Currently, a number of legal tools exist to combat street harassment. While some of these have proved successful on occasion, none are an effective remedy in part due to factors described below. It should be noted, however, that there exists one particular area where women have been extended greater protection: common carriers (buses, trains, and other transportation forms) and hotel guest situations. Women may recover damages more readily if harassed by an employee—or even another patron—of a common carrier or hotel. More information on this follows below.
Although they do not provide monetary damage awards, criminal remedies include the advantage of an attorney provided by the state free of charge. However, the judges, state attorneys, and police officers responsible for criminal street harassment cases are the same personnel who have often notoriously failed to take seriously even cases of brutal sexual assault. Thus, women may be reluctant or unable to bring such cases in criminal court.
Potential criminal remedies include:
* State statutes prohibiting harassment in public places. For New York’s statute, click here (i'll search for CT asap).
* “Fighting words” statutes
* Anti-stalking statutes
Civil remedies have the benefit of monetary compensation in the form of damages. If sufficiently large, such damages may provide a larger deterrent than criminal prosecution alone.
Potential civil remedies include:
* Intentional infliction of emotional distress
* Invasion of Privacy
Failures of Current Remedies
None of these remedies have yet been very useful in combating street harassment. This is in large part due to the effects of racism and sexism on the courts’ application of the law.
Consider an early criminal case in which the North Carolina Supreme Court upheld the assault conviction of a black man who harassed a fifteen-year-old white girl on the street. In its decision, the court stated, “[a] negro man, using this foul indecent language towards a young white girl, as a matter of common knowledge, would create apprehension and fear.” State v. Williams, 120 S.E. 224, 228 (N.C. 1923).

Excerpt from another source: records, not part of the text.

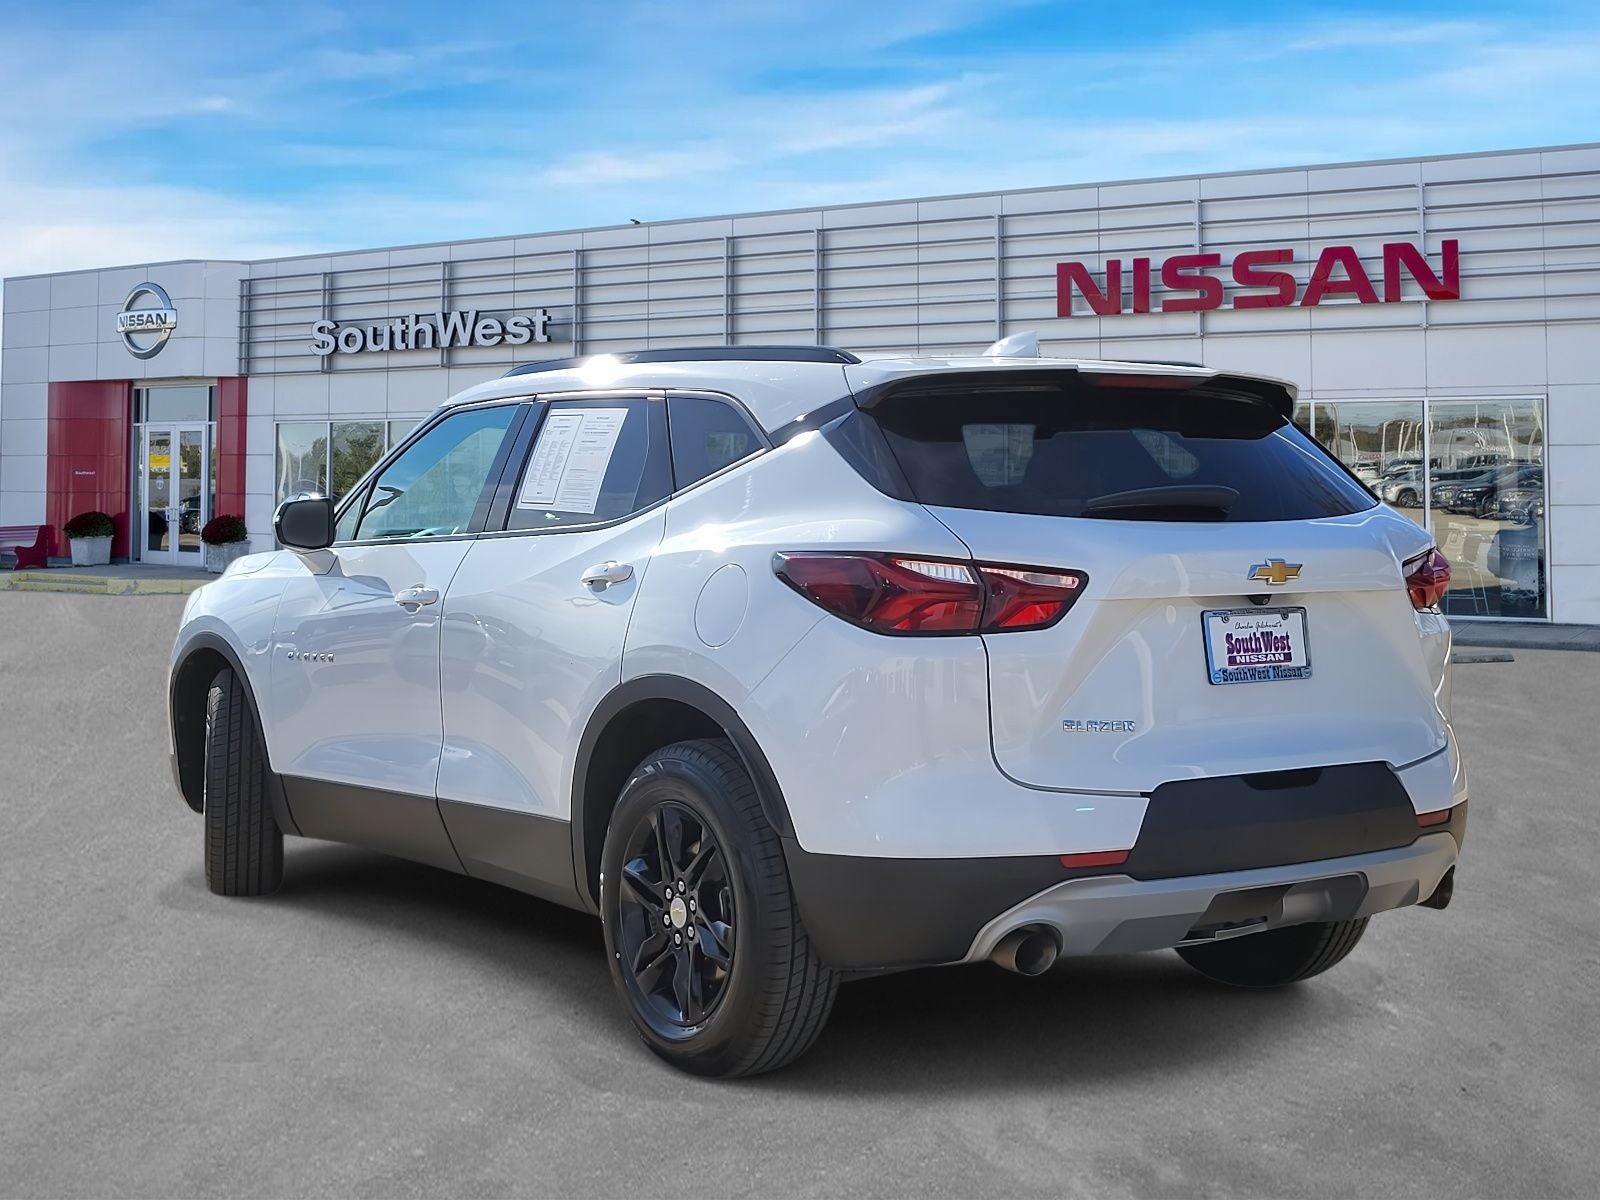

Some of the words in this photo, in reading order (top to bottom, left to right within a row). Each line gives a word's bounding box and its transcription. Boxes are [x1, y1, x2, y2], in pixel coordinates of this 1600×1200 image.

[1057, 239, 1460, 318] NISSAN
[118, 312, 168, 328] NISSAN
[309, 308, 552, 356] SouthWest
[1225, 631, 1292, 655] SouthWest
[1236, 653, 1285, 664] NISSAN
[1222, 667, 1271, 682] SouthWest
[1272, 665, 1303, 679] Nissan
[1062, 719, 1136, 733] BLAZER
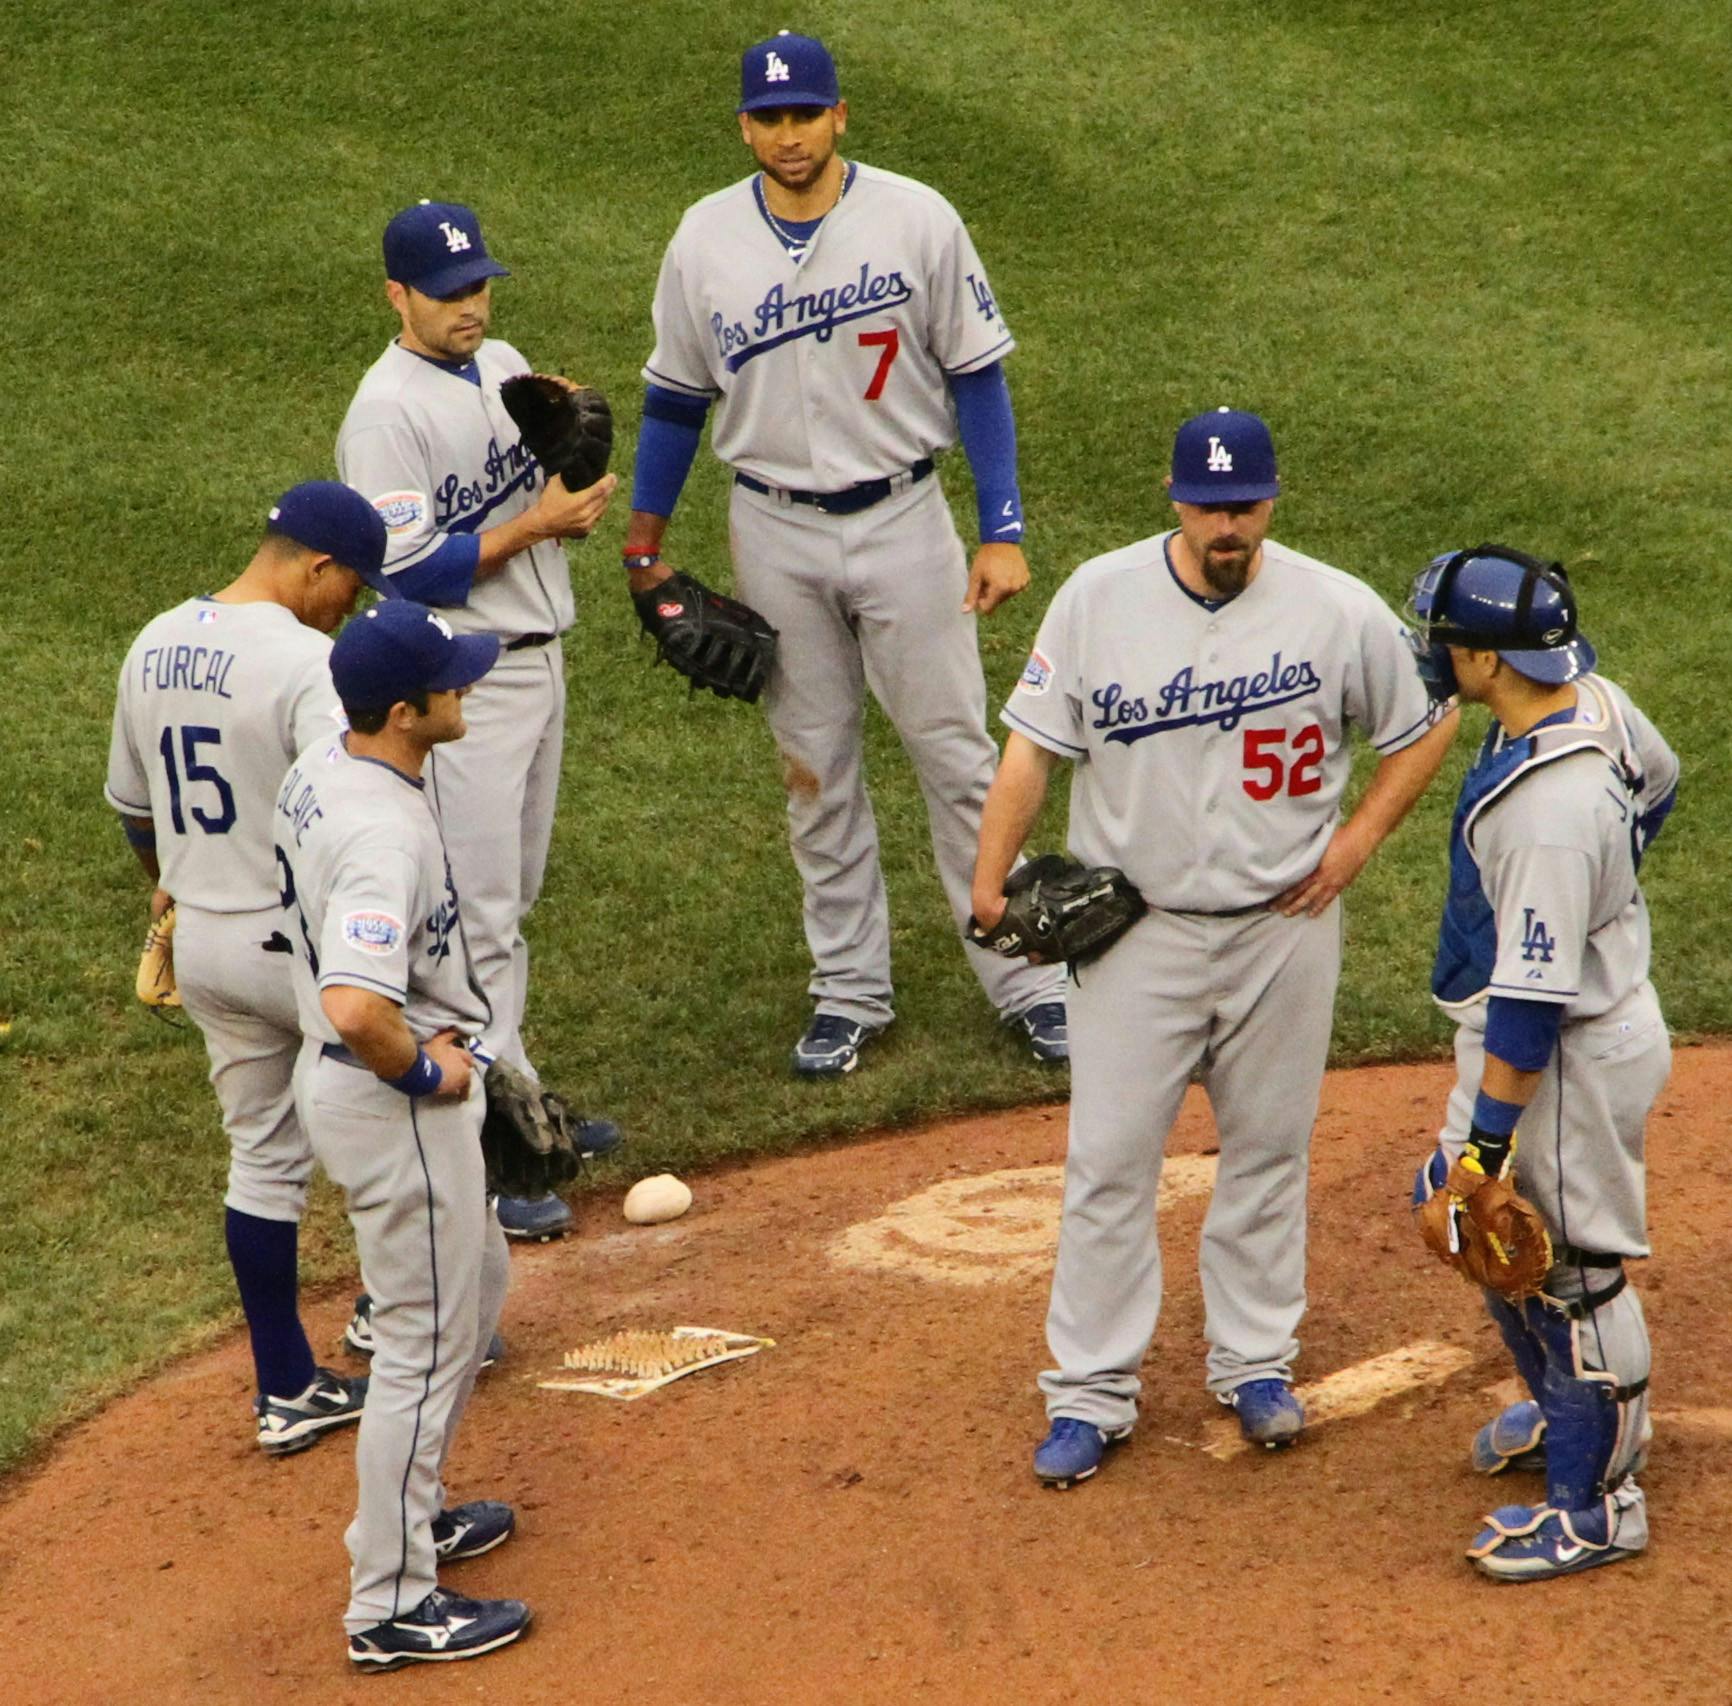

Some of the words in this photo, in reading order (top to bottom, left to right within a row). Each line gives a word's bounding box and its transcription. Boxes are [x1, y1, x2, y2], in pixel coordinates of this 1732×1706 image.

[765, 51, 790, 82] LA
[438, 221, 472, 253] LA
[711, 311, 748, 358] Los
[754, 262, 909, 344] Angeles
[858, 327, 900, 401] 7
[1207, 436, 1233, 472] LA
[435, 473, 484, 527] Los
[143, 645, 235, 699] FURCAL
[1092, 683, 1148, 729] Los
[1155, 651, 1321, 732] Angeles
[160, 725, 237, 835] 15
[1242, 723, 1325, 802] 52
[1521, 907, 1555, 963] LA

However, courts have been willing to react quite differently when the harasser is white and the targeted woman is black. In one New York criminal harassment case, the defendant, described by the court as a “lone white suburban male,” backed his “expensive foreign car” along a curb at 3 a.m. and solicited three black women he allegedly believed to be prostitutes. Harassment charges against him were dismissed, though, on the grounds that it was not his intent to annoy, but only to seek “female companionship.” This decision neatly dovetails with the common racist stereotypes regarding the sexual promiscuity and accessibility of women of color.
Sexism and the “Reasonable Man” Standard
New York, like a number of states, actually has a statute that specifically prohibits harassment. According to the court in the above case, however, although the man’s behavior might technically be prohibited by the statute, the statute must be read as barring only “‘language or conduct . . . by its nature . . . of a sort that is a substantial interference with (our old friend) the reasonable man.’” People v. Malausky, 485 N.Y.S.2d 925, 927-28 (Rochester City Ct. 1985).

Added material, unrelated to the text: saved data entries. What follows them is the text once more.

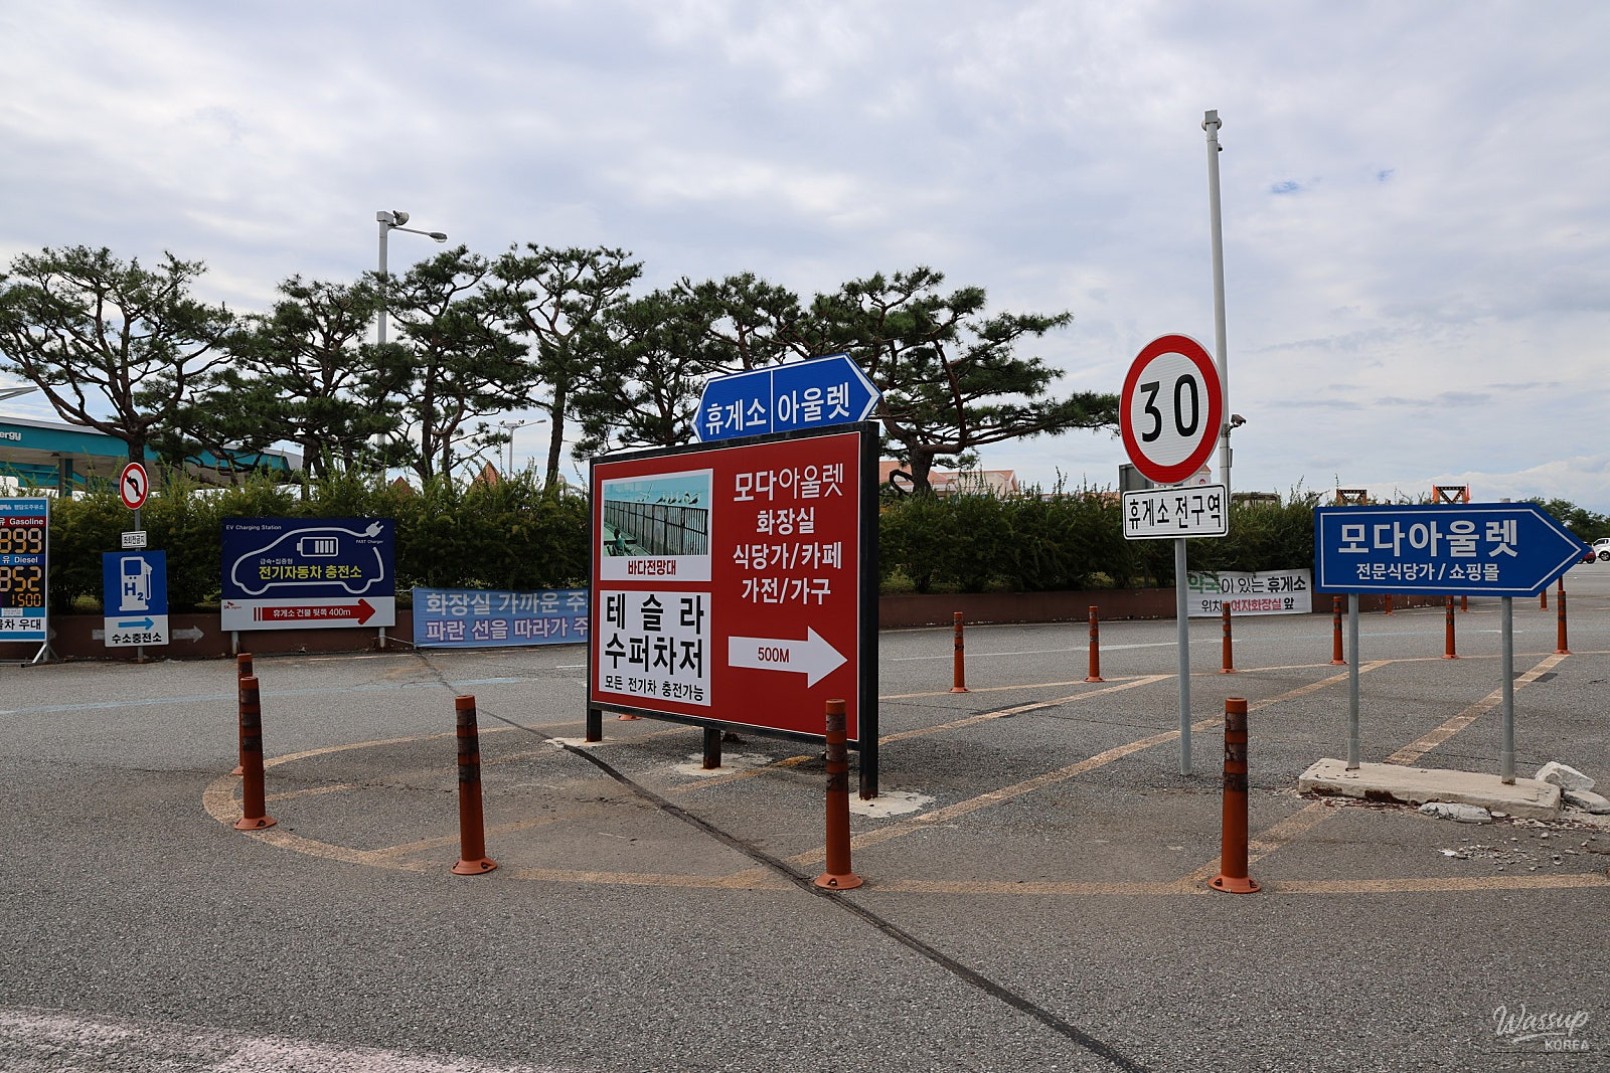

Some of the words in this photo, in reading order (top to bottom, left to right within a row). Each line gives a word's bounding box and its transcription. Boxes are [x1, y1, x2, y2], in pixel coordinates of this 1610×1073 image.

[705, 398, 767, 435] 휴게소
[777, 382, 850, 424] 아울렛
[1140, 373, 1199, 442] 30
[733, 463, 844, 502] 모다아울렛
[756, 507, 815, 536] 화장실
[1129, 498, 1169, 530] 휴게소
[1175, 493, 1221, 529] 전구역
[1338, 519, 1519, 558] 모다아울렛
[627, 559, 677, 576] 바다전망대
[732, 541, 842, 570] 식당가/카페
[259, 565, 322, 580] 전기자동차
[325, 565, 362, 579] 충전소
[1238, 576, 1264, 593] 있는
[1267, 576, 1306, 593] 휴게소
[12, 593, 41, 607] 1500
[741, 577, 831, 605] 가전/가구
[273, 609, 295, 618] 휴게소
[297, 608, 311, 617] 건물
[328, 608, 351, 616] 400m
[426, 592, 491, 616] 화장실
[498, 592, 560, 614] 가까운
[1231, 598, 1281, 612] 여자화장실
[1284, 597, 1294, 610] 앞
[19, 619, 41, 630] 우대
[426, 620, 465, 641] 파란
[471, 619, 508, 640] 선을
[514, 617, 568, 638] 따라가
[112, 632, 162, 644] 수소충전소
[605, 632, 703, 678] 수퍼차저
[757, 647, 790, 663] 500M
[605, 675, 623, 690] 모든
[628, 677, 657, 695] 전기차
[661, 681, 704, 701] 충전가능

This is known as the “reasonable man standard,” a legal decision-making approach in which the court asks how a reasonable man would act under the circumstances. Although today the terminology has been altered to “reasonable person,” decision-makers nevertheless often ignore the experiences of women and other historically subordinated groups in applying this standard.
In this case, for instance, the court felt that “a reasonable man” would not consider the solicitation to prostitution by a wealthy white man on the street at night a substantial interference for a black woman. The court’s old friend “the reasonable man” is clearly no friend of ours. This case illustrates the sexist fashion in which the reasonable man standard (as well as the revised reasonable person standard) is likely to be applied by a mostly male judiciary, and the race and class biases ubiquitous in the enforcement of anti-harassment statutes.
Street Harassment as Trivial
There exist very few reported street harassment cases in which convictions have been upheld. As a dissenting judge in one of these rare examples indicated, it seems to be the pervasiveness of street harassment that contributes to its neglect by the law. Referring to the fact that women are frequently assaulted with catcalls and sexual suggestions, he asserted that a mere indecent request was insufficient to violate the anti-harassment statute in question. Commonwealth v. Duncan, 363 A.2d 803, 804-05 (Pa. Super. Ct. 1976). He also felt it would be unwise to criminalize such behavior because: “(1) the state runs the risk of criminalizing generally accepted behavior, leaving the actor without reasonable notice that his conduct is criminal; (2) such incidents are too frequent for a justice system to handle them efficiently; (3) courts cannot be expected to arbitrate what are frequently personal disputes by use of the criminal process.” Duncan at 804-05. Since street harassment is so widespread and generally regarded as trivial, this judge feels that there is no reason to do anything about it legally.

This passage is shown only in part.